WORK TASK →
Given the records that follow, return each one verbatim.

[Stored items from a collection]
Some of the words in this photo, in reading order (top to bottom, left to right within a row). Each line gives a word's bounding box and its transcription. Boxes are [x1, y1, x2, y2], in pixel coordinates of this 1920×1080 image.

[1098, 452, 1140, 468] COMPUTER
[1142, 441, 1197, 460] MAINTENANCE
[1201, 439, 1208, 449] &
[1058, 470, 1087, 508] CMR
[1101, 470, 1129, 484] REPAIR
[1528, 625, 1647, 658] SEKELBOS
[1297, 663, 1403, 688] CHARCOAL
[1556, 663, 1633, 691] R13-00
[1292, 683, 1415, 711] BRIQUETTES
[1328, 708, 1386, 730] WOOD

EXERCISE ANSWER →
Some of the words in this photo, in reading order (top to bottom, left to right within a row). Each line gives a word's bounding box and its transcription. Boxes are [x1, y1, x2, y2], in pixel coordinates of this 1920×1080 image.

[1098, 452, 1140, 468] COMPUTER
[1142, 441, 1197, 460] MAINTENANCE
[1201, 439, 1208, 449] &
[1058, 470, 1087, 508] CMR
[1101, 470, 1129, 484] REPAIR
[1528, 625, 1647, 658] SEKELBOS
[1297, 663, 1403, 688] CHARCOAL
[1556, 663, 1633, 691] R13-00
[1292, 683, 1415, 711] BRIQUETTES
[1328, 708, 1386, 730] WOOD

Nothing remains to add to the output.